Records contained in a dataset:
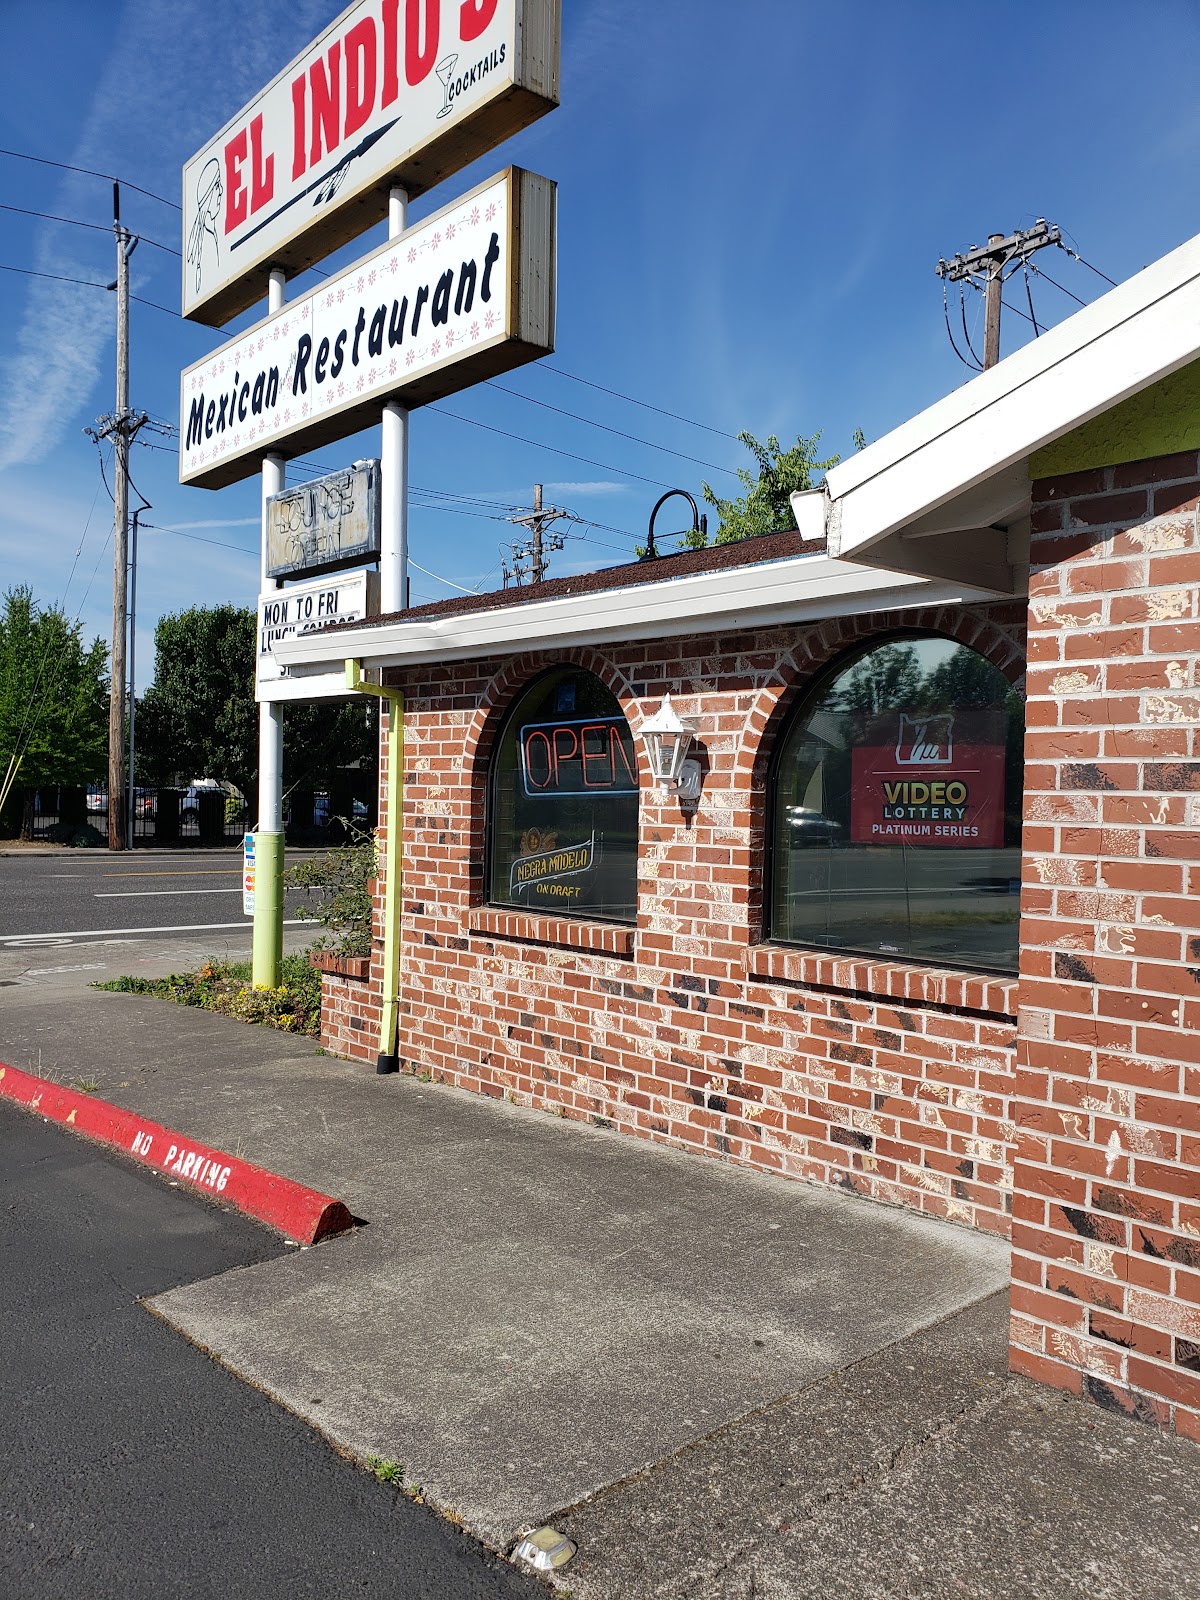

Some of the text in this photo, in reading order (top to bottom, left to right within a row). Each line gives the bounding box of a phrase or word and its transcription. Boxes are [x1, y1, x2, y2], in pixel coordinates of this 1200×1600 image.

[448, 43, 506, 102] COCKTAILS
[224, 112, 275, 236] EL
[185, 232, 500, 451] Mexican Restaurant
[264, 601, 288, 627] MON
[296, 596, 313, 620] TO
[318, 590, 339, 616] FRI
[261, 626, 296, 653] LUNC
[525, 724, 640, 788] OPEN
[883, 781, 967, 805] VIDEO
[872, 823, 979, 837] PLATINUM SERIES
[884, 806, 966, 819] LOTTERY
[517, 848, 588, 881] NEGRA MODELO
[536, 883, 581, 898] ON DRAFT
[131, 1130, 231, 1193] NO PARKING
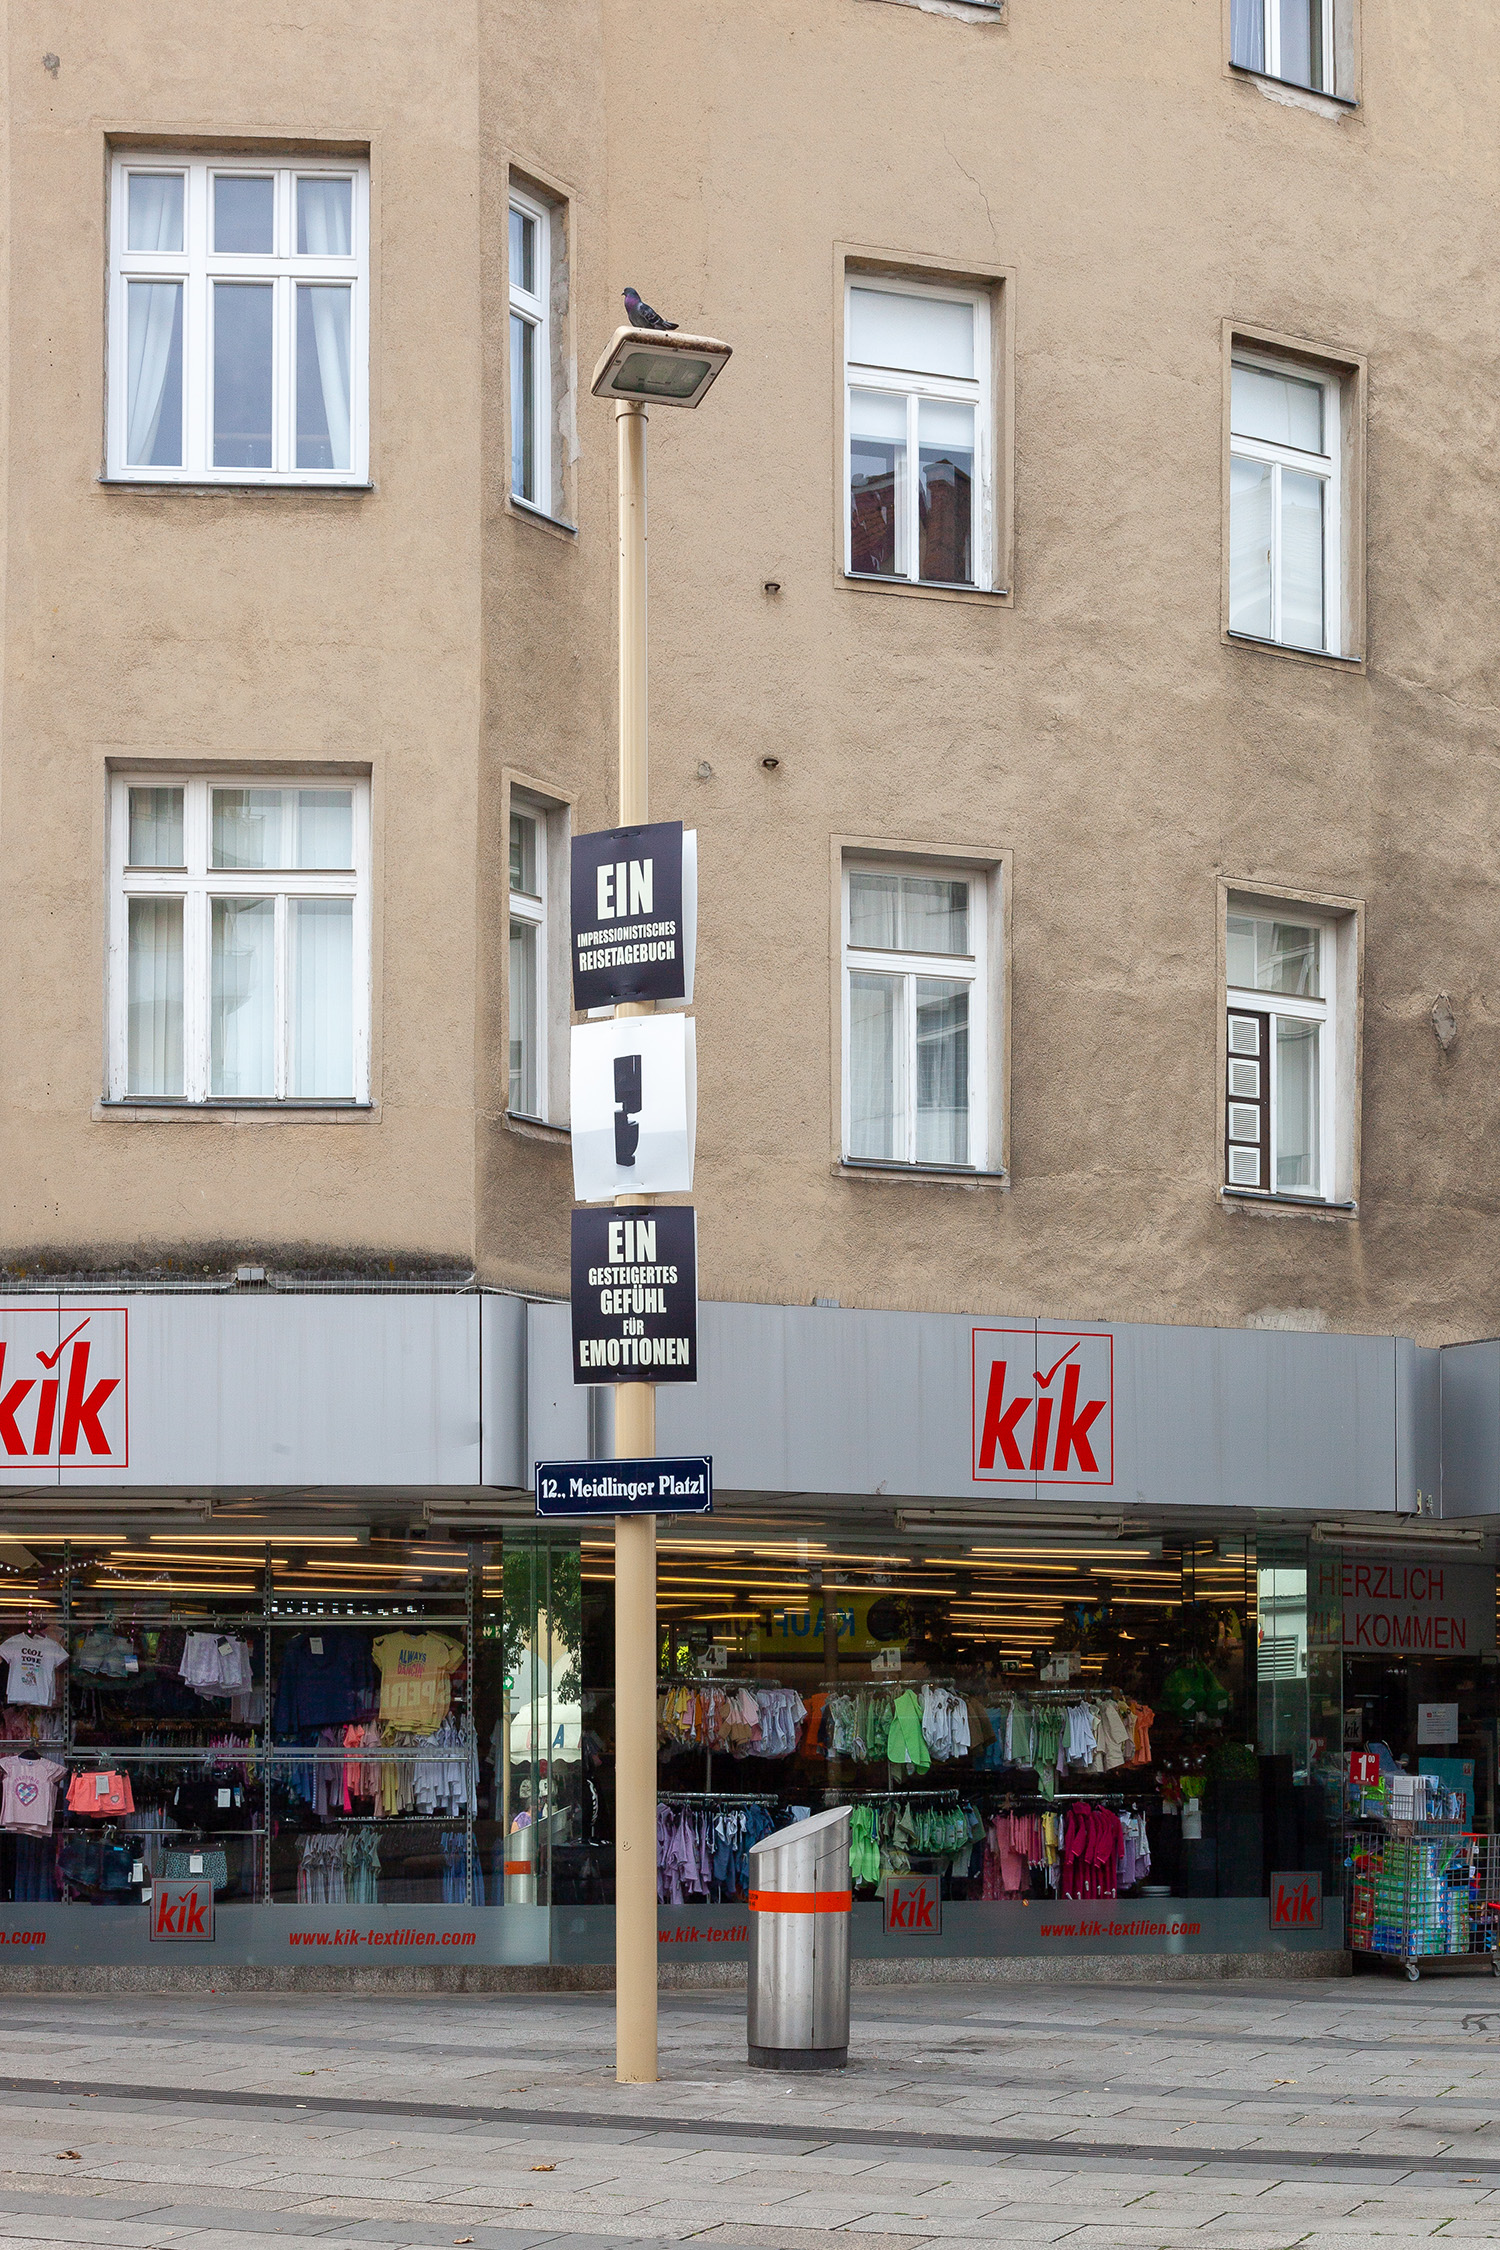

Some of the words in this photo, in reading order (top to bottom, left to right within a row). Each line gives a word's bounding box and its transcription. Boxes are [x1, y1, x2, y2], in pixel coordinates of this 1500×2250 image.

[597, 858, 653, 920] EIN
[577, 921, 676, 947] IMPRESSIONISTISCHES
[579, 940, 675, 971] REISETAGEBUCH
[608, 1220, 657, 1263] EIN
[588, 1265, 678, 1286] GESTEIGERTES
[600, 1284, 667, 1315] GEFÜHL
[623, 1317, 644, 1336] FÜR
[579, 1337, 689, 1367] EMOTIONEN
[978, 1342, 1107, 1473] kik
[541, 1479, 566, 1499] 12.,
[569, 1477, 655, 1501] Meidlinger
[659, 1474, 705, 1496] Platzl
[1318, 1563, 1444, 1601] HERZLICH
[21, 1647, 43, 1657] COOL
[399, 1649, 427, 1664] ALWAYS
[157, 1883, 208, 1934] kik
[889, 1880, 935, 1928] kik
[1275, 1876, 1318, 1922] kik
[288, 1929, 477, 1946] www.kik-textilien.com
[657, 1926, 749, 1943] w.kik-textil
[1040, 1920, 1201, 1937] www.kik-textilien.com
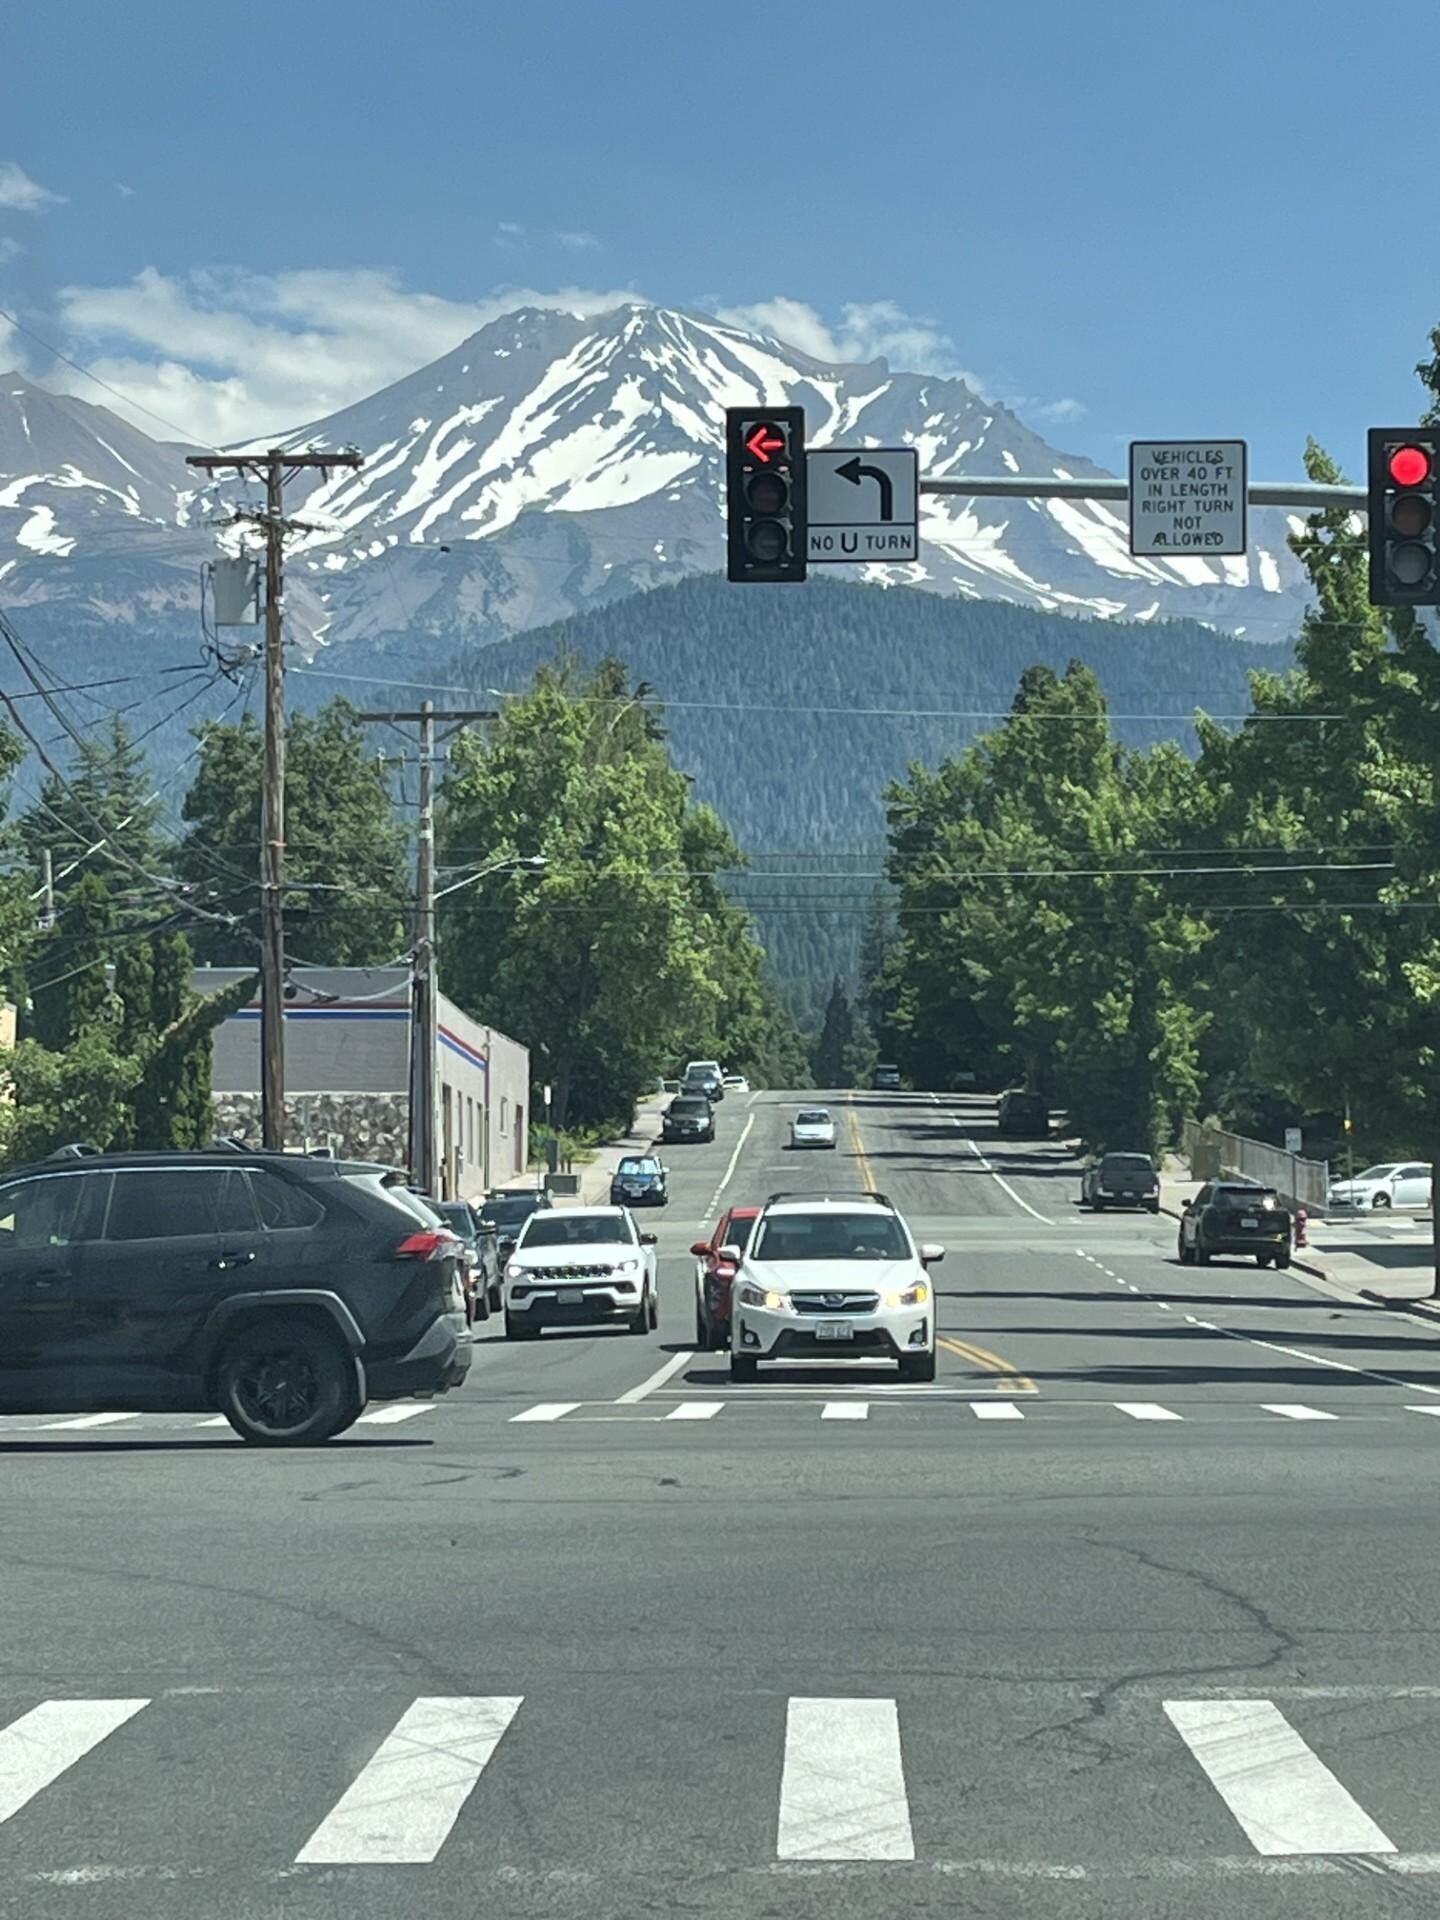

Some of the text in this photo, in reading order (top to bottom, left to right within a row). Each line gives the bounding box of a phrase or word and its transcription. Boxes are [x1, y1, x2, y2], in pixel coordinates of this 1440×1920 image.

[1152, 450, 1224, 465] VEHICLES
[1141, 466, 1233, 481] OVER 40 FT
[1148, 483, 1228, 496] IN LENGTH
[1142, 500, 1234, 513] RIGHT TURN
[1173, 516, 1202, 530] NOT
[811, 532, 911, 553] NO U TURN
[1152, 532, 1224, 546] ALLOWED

— Activity —
Your output should be an exact copy of the lines from the one containing "this 1440×1920 image." through the last line of the data above.

— Expected output —
Some of the text in this photo, in reading order (top to bottom, left to right within a row). Each line gives the bounding box of a phrase or word and its transcription. Boxes are [x1, y1, x2, y2], in pixel coordinates of this 1440×1920 image.

[1152, 450, 1224, 465] VEHICLES
[1141, 466, 1233, 481] OVER 40 FT
[1148, 483, 1228, 496] IN LENGTH
[1142, 500, 1234, 513] RIGHT TURN
[1173, 516, 1202, 530] NOT
[811, 532, 911, 553] NO U TURN
[1152, 532, 1224, 546] ALLOWED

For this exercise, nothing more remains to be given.